* EXERCISE INSTRUCTIONS: Reproduce the data that follows precisely.

Referring expression grounding data
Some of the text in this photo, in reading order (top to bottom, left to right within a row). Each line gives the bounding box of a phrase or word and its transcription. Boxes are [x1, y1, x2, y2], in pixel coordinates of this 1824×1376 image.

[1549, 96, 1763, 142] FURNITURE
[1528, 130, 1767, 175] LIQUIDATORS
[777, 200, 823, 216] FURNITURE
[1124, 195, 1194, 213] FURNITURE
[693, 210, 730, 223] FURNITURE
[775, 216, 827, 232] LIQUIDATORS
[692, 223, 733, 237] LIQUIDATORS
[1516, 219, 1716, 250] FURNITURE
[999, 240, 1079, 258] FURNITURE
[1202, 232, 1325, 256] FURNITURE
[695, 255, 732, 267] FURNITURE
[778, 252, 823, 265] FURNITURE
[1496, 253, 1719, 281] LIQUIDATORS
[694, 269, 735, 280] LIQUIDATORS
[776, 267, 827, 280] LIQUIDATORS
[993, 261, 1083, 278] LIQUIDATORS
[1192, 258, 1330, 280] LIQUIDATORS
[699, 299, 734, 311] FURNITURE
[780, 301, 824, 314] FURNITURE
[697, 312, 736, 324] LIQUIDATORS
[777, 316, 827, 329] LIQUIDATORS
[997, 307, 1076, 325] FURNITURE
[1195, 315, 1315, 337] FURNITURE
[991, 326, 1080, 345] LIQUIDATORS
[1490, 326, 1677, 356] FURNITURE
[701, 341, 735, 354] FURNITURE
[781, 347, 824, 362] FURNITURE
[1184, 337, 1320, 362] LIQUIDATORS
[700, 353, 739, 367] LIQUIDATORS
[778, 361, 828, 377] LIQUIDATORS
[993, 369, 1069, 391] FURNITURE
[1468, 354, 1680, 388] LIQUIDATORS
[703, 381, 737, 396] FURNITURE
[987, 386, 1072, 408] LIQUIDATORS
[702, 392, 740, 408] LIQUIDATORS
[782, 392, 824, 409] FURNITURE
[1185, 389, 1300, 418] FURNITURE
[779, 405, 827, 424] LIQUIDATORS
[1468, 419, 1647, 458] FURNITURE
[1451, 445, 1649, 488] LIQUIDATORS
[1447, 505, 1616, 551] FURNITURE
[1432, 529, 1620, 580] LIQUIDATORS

* ANSWER SECTION:
Some of the text in this photo, in reading order (top to bottom, left to right within a row). Each line gives the bounding box of a phrase or word and its transcription. Boxes are [x1, y1, x2, y2], in pixel coordinates of this 1824×1376 image.

[1549, 96, 1763, 142] FURNITURE
[1528, 130, 1767, 175] LIQUIDATORS
[777, 200, 823, 216] FURNITURE
[1124, 195, 1194, 213] FURNITURE
[693, 210, 730, 223] FURNITURE
[775, 216, 827, 232] LIQUIDATORS
[692, 223, 733, 237] LIQUIDATORS
[1516, 219, 1716, 250] FURNITURE
[999, 240, 1079, 258] FURNITURE
[1202, 232, 1325, 256] FURNITURE
[695, 255, 732, 267] FURNITURE
[778, 252, 823, 265] FURNITURE
[1496, 253, 1719, 281] LIQUIDATORS
[694, 269, 735, 280] LIQUIDATORS
[776, 267, 827, 280] LIQUIDATORS
[993, 261, 1083, 278] LIQUIDATORS
[1192, 258, 1330, 280] LIQUIDATORS
[699, 299, 734, 311] FURNITURE
[780, 301, 824, 314] FURNITURE
[697, 312, 736, 324] LIQUIDATORS
[777, 316, 827, 329] LIQUIDATORS
[997, 307, 1076, 325] FURNITURE
[1195, 315, 1315, 337] FURNITURE
[991, 326, 1080, 345] LIQUIDATORS
[1490, 326, 1677, 356] FURNITURE
[701, 341, 735, 354] FURNITURE
[781, 347, 824, 362] FURNITURE
[1184, 337, 1320, 362] LIQUIDATORS
[700, 353, 739, 367] LIQUIDATORS
[778, 361, 828, 377] LIQUIDATORS
[993, 369, 1069, 391] FURNITURE
[1468, 354, 1680, 388] LIQUIDATORS
[703, 381, 737, 396] FURNITURE
[987, 386, 1072, 408] LIQUIDATORS
[702, 392, 740, 408] LIQUIDATORS
[782, 392, 824, 409] FURNITURE
[1185, 389, 1300, 418] FURNITURE
[779, 405, 827, 424] LIQUIDATORS
[1468, 419, 1647, 458] FURNITURE
[1451, 445, 1649, 488] LIQUIDATORS
[1447, 505, 1616, 551] FURNITURE
[1432, 529, 1620, 580] LIQUIDATORS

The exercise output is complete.